## [Data to examine]
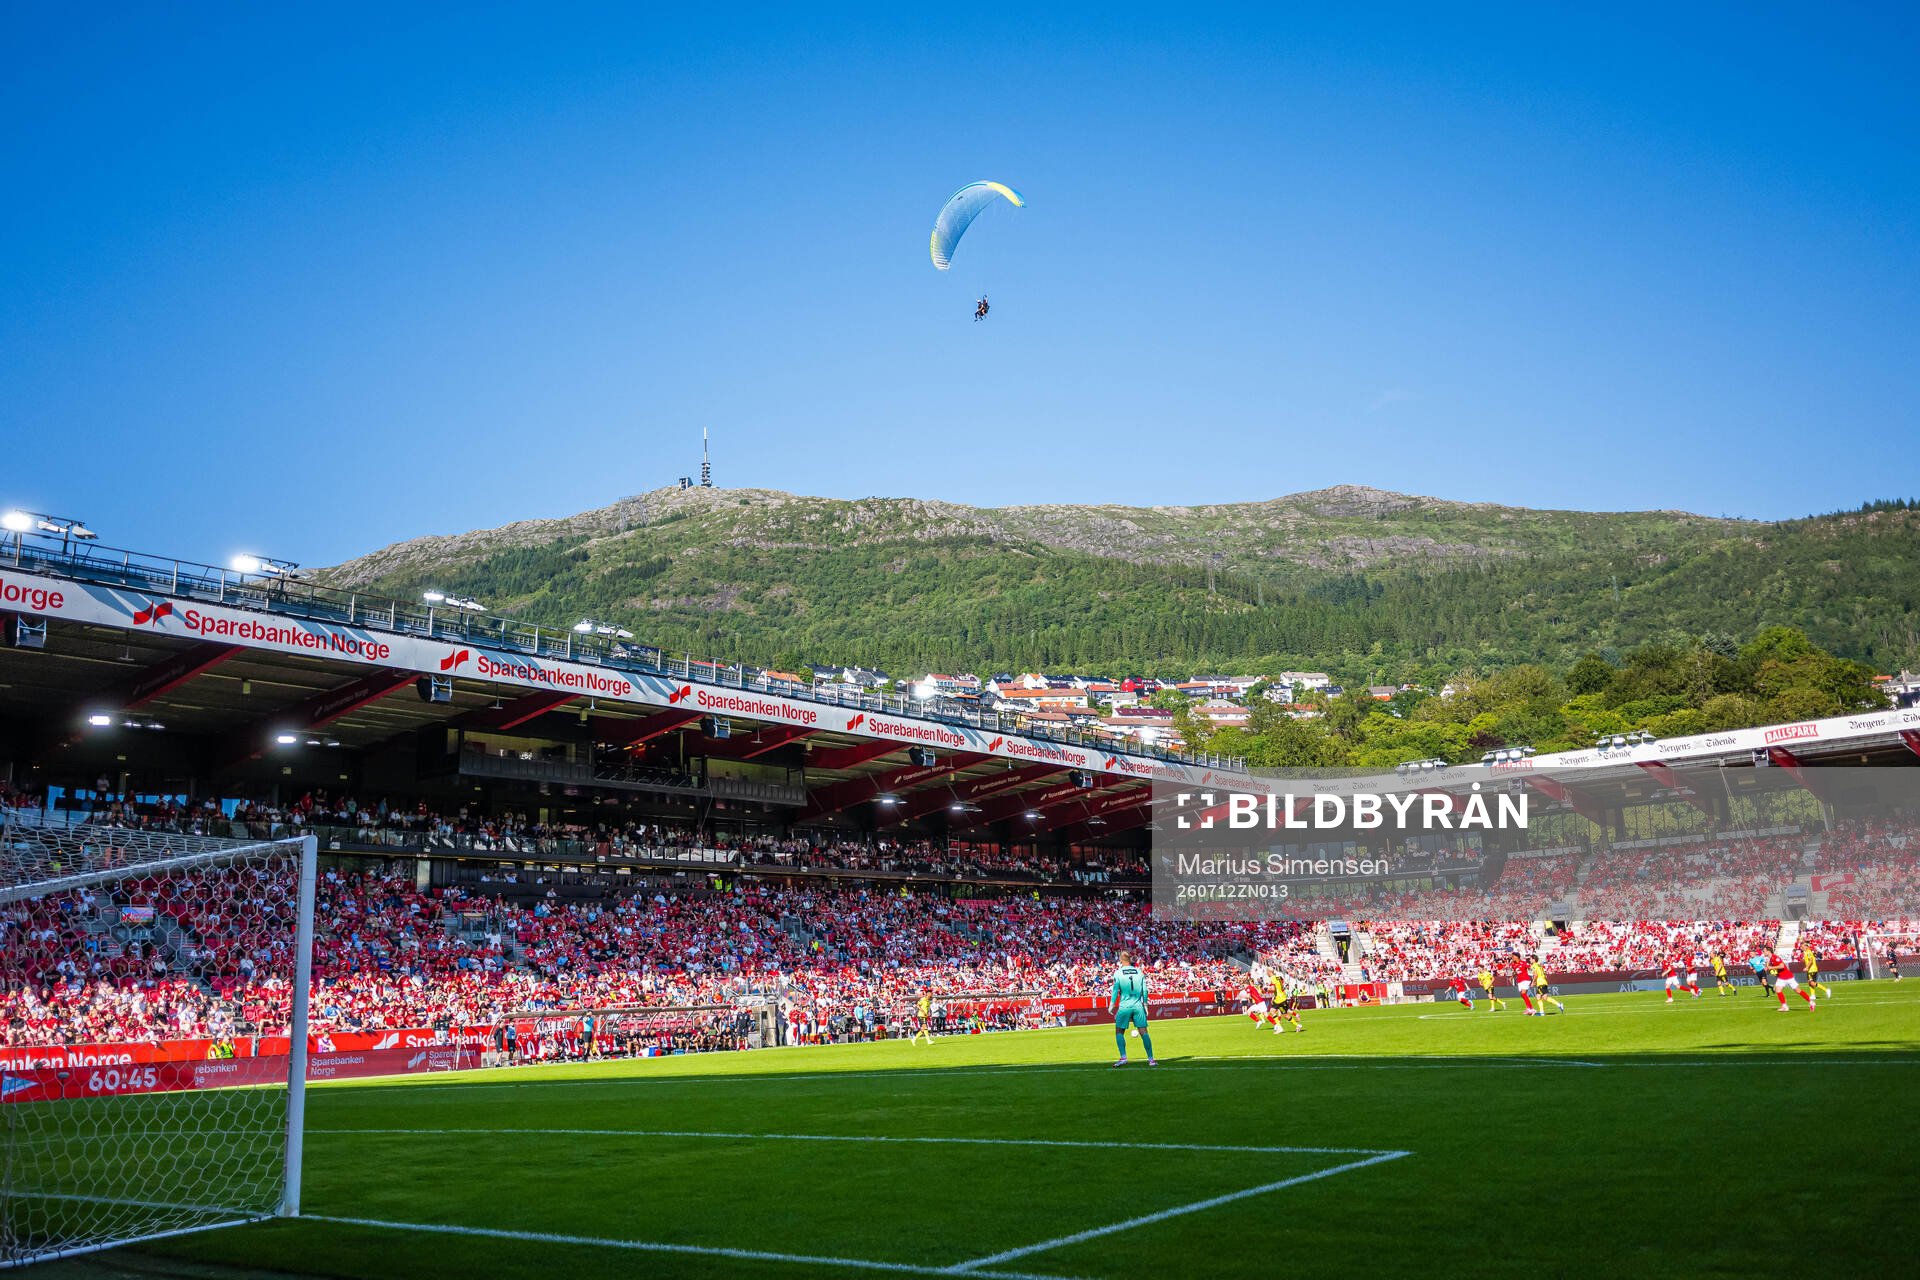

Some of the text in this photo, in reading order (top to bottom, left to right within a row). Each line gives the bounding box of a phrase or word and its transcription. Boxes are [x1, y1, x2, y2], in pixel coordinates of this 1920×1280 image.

[184, 609, 390, 660] Sparebanken Norge
[477, 655, 631, 696] Sparebanken Norge
[697, 690, 817, 725] Sparebanken Norge
[869, 718, 965, 747] Sparebanken Norge
[1766, 725, 1817, 743] BALLSPARK
[1849, 719, 1886, 730] Bergens
[1007, 740, 1086, 766] Sparebanken Norge
[1658, 736, 1737, 753] Bergens Tidende
[1559, 750, 1632, 766] Bergens Tidende
[1120, 759, 1186, 780] Sparebanken Norge
[1214, 774, 1271, 793] Sparebanken Norge
[311, 1056, 365, 1067] Sparebanken
[311, 1066, 336, 1076] Norge
[88, 1067, 157, 1092] 60:45
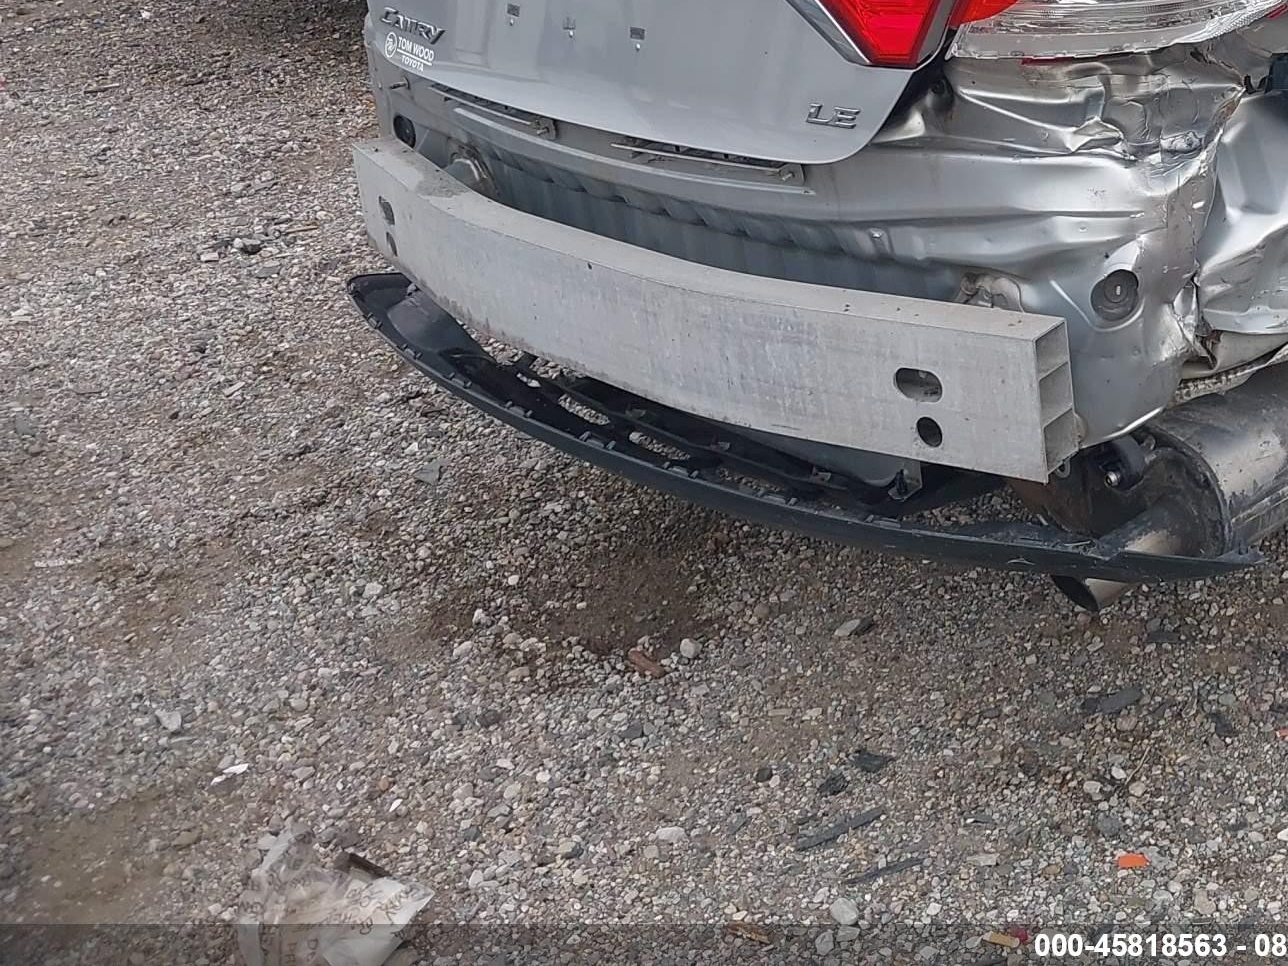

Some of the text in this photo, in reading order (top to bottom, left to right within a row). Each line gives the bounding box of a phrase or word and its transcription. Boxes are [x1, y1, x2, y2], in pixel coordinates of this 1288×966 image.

[381, 7, 446, 45] CAMRY
[398, 36, 412, 52] TOM
[413, 42, 435, 62] WOOD
[401, 55, 424, 72] TOYOTA
[806, 103, 860, 129] LE

## [What needs to be done]
Word for word and without any pictures, return all of the lines above.

## [Answer space]
Some of the text in this photo, in reading order (top to bottom, left to right within a row). Each line gives the bounding box of a phrase or word and its transcription. Boxes are [x1, y1, x2, y2], in pixel coordinates of this 1920×1280 image.

[184, 609, 390, 660] Sparebanken Norge
[477, 655, 631, 696] Sparebanken Norge
[697, 690, 817, 725] Sparebanken Norge
[869, 718, 965, 747] Sparebanken Norge
[1766, 725, 1817, 743] BALLSPARK
[1849, 719, 1886, 730] Bergens
[1007, 740, 1086, 766] Sparebanken Norge
[1658, 736, 1737, 753] Bergens Tidende
[1559, 750, 1632, 766] Bergens Tidende
[1120, 759, 1186, 780] Sparebanken Norge
[1214, 774, 1271, 793] Sparebanken Norge
[311, 1056, 365, 1067] Sparebanken
[311, 1066, 336, 1076] Norge
[88, 1067, 157, 1092] 60:45

Some of the text in this photo, in reading order (top to bottom, left to right within a row). Each line gives the bounding box of a phrase or word and its transcription. Boxes are [x1, y1, x2, y2], in pixel coordinates of this 1288×966 image.

[381, 7, 446, 45] CAMRY
[398, 36, 412, 52] TOM
[413, 42, 435, 62] WOOD
[401, 55, 424, 72] TOYOTA
[806, 103, 860, 129] LE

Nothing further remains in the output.